L'Origine presents the work's journey from Courbet's first imagining through creation in 1866 to its various owners. Due to its controversial subject matter, it was kept hidden out of sight for decades, only shared with a few select friends of each owner, but its existence was whispered about and speculated upon for years. Lost during World War II, it surfaced once again, and through a series of private transactions, it finally returned to Paris, the home of its birth, and became a treasured part of the Orsay's collection.
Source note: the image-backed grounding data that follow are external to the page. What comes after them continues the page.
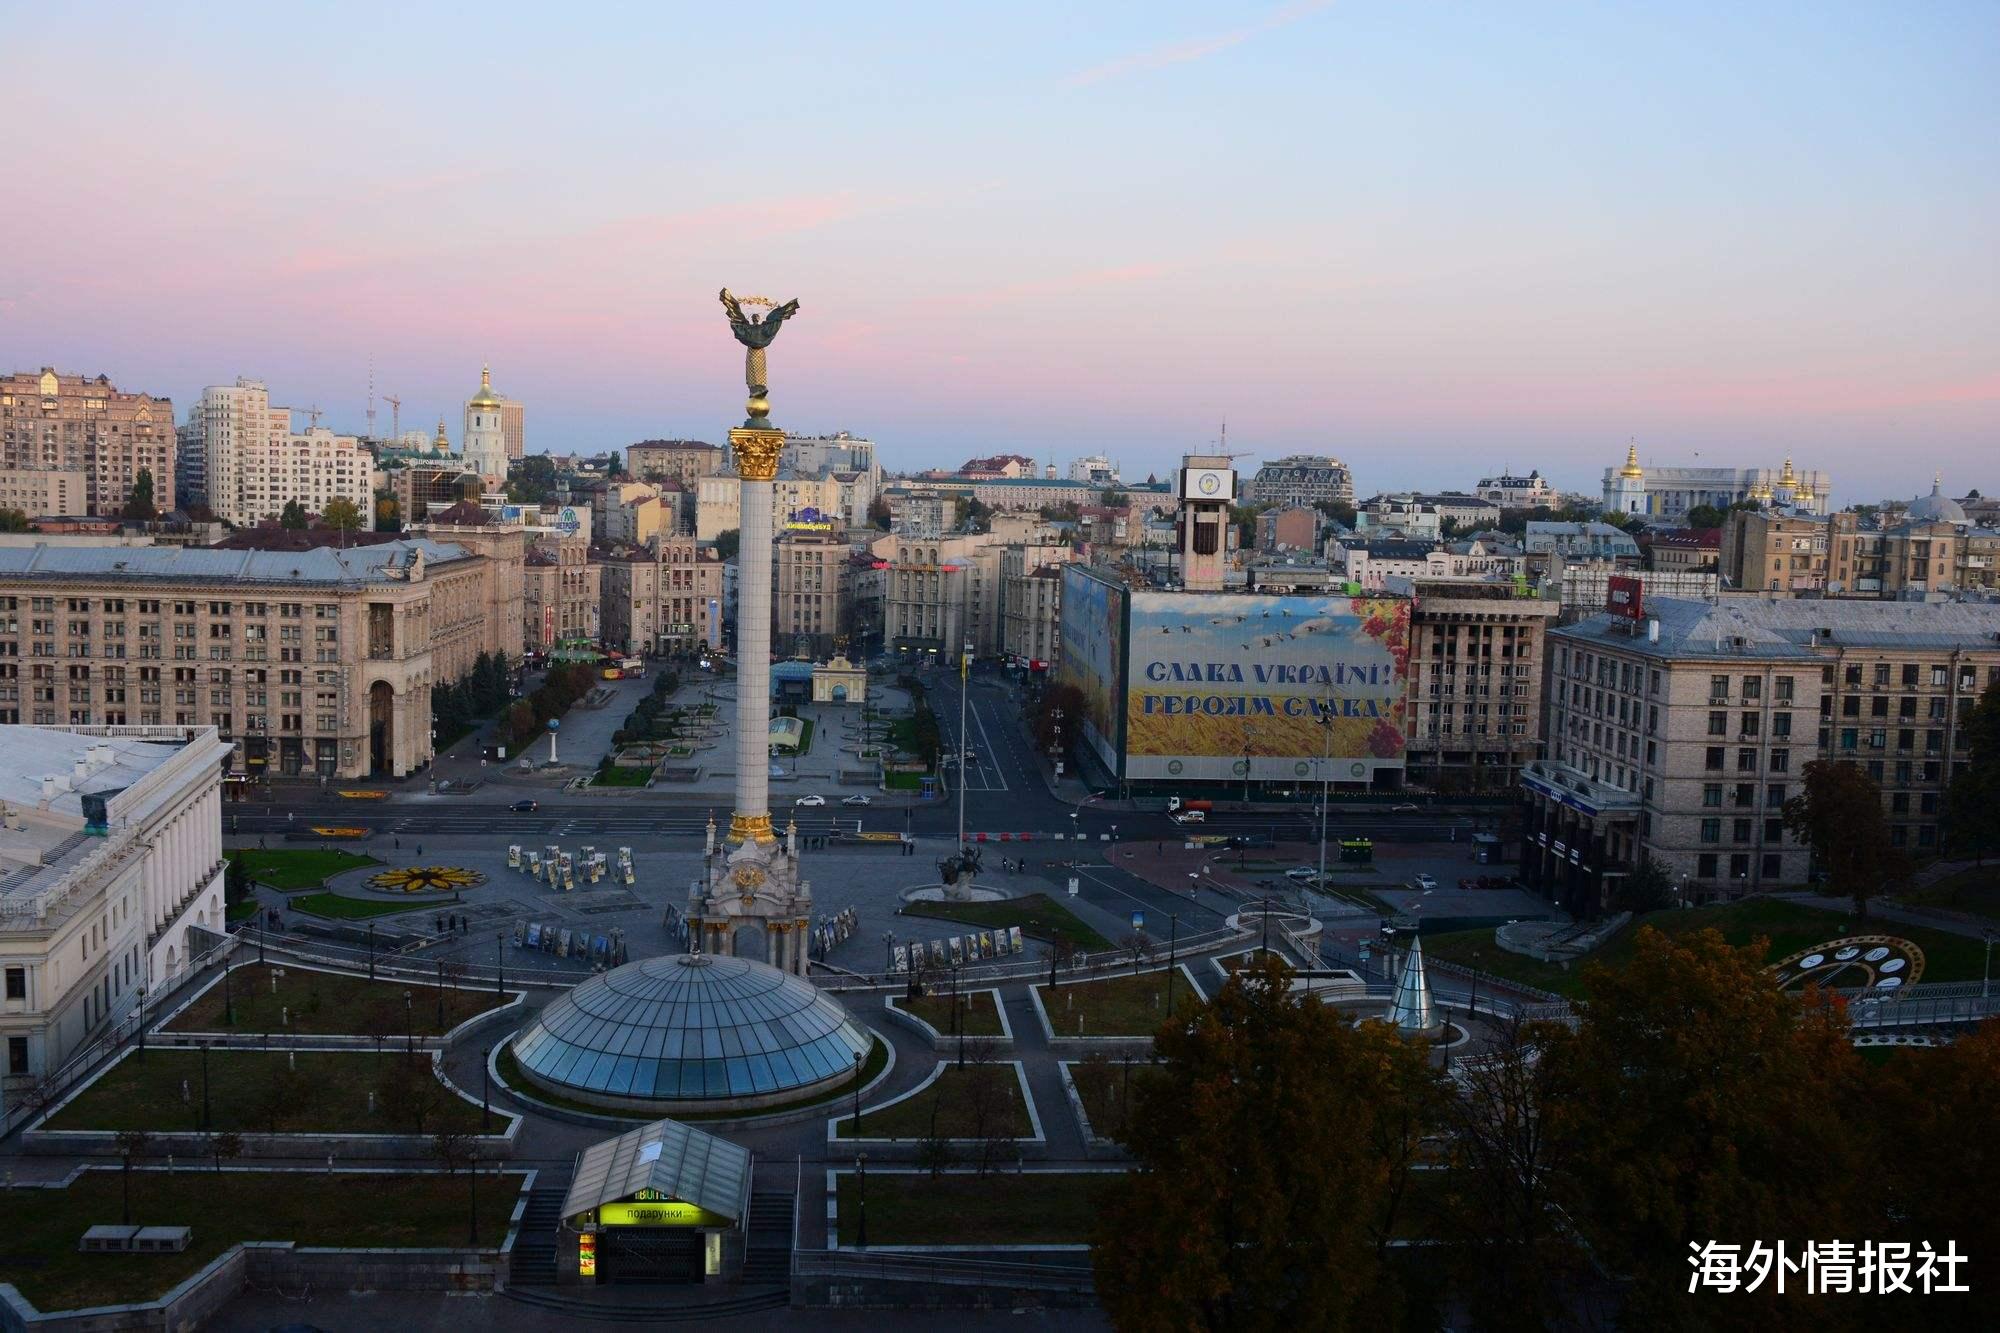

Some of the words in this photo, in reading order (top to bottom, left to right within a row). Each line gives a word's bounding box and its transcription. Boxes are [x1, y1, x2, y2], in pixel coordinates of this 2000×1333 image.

[1145, 661, 1244, 683] СЛАВА
[1253, 662, 1391, 685] УКРАЇНІ!
[1143, 695, 1275, 717] ГЕРОЯМ
[1283, 697, 1391, 719] СЛАВА!
[627, 1209, 682, 1220] подарунки
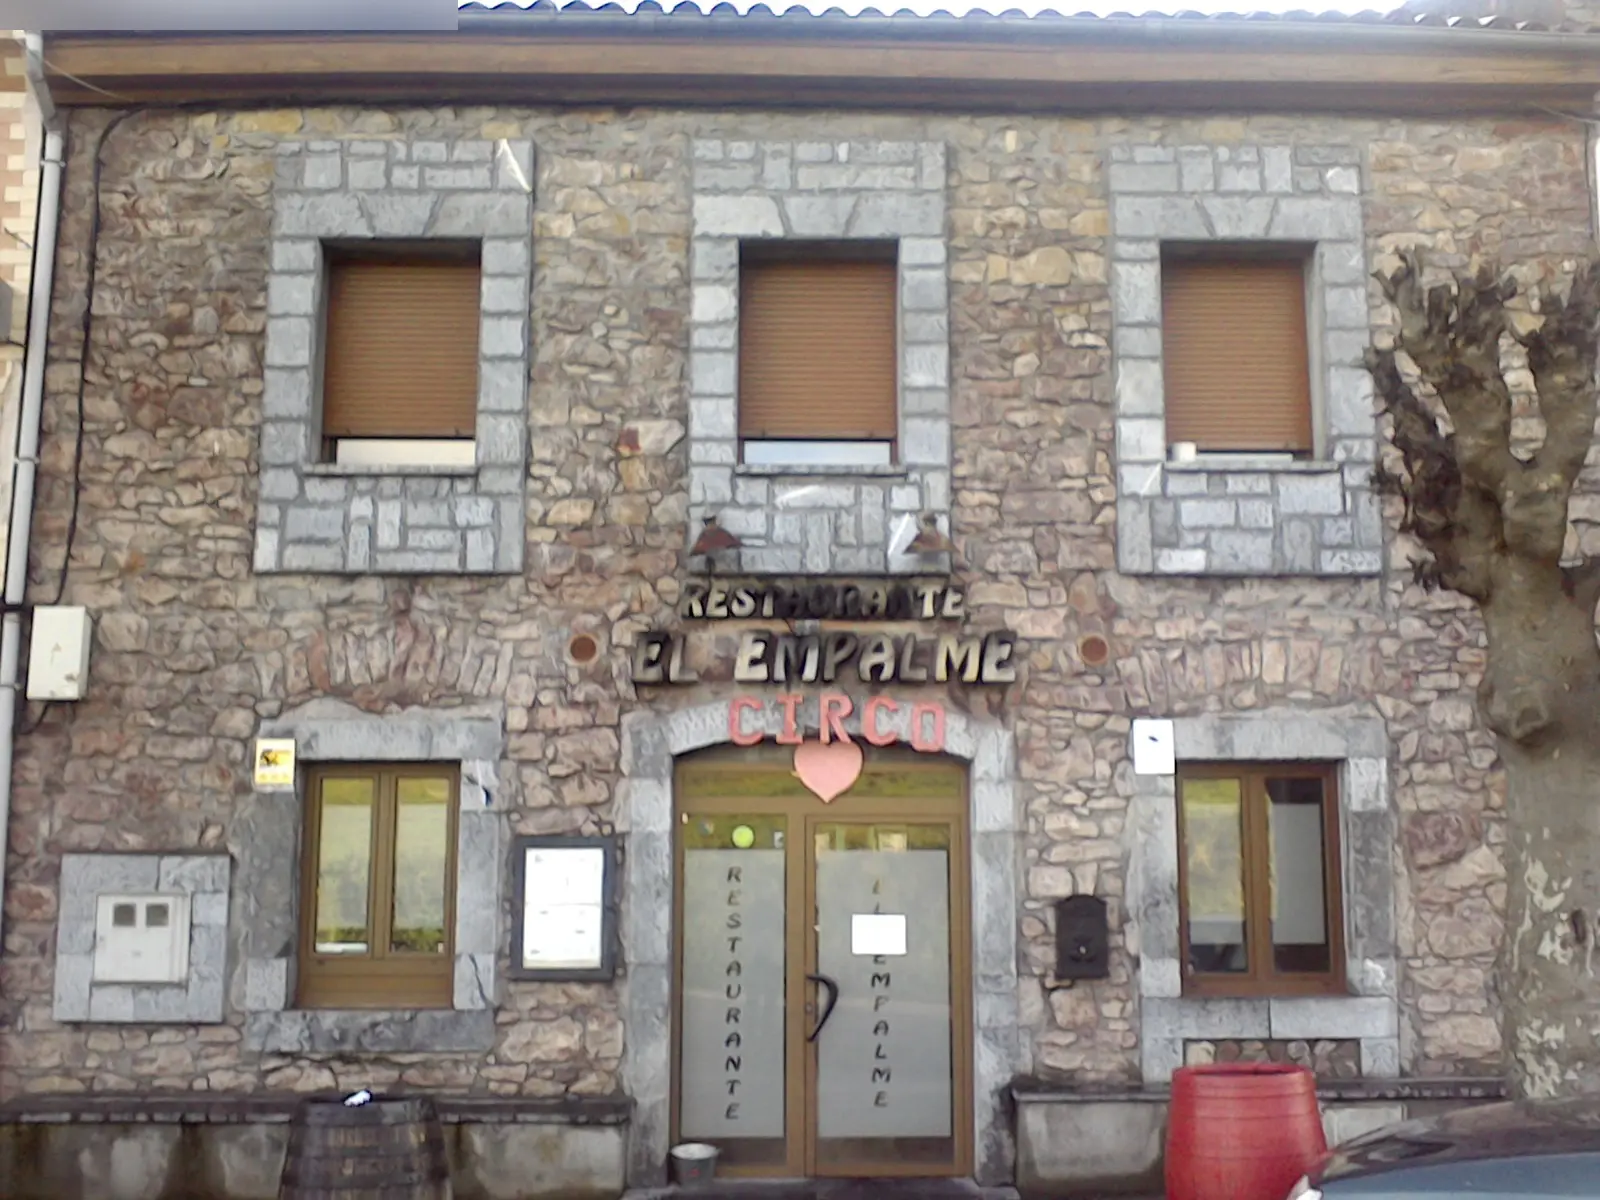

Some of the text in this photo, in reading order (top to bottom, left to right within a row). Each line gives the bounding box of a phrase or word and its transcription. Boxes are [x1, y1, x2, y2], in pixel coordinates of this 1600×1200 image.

[682, 580, 966, 618] RESTAURANTE
[632, 630, 1018, 683] EL EMPALME
[727, 693, 947, 753] CIRCO
[724, 865, 742, 1121] RESTAURANTE
This fictional account of how the painting came to be displayed and viewed by more than a million visitors a year at the Orsay Museum was a highly satisfying story. Beginning with the author's artist residency in Paris, the trip back through time was both magical and eye-opening. I learned so many interesting things about that time period in Paris when Courbet was active, the Realism movement, his contemporaries, and the effects on the art world by what was going on politically at that time. Some of the painting’s owners were in the thick of a hotbed of political unrest and, eventually, war in Europe.

I especially appreciated Milgrom's recounting of her own experiences at the museum in Paris while a copyist. Her stories of the reactions of the visitors viewing the painting were varied and telling and did cause me to contemplate my own feelings about the work and the subject as well as historic and modern ideas regarding women's sexuality. There are some excellent, thought-provoking questions for discussion at the end of the book.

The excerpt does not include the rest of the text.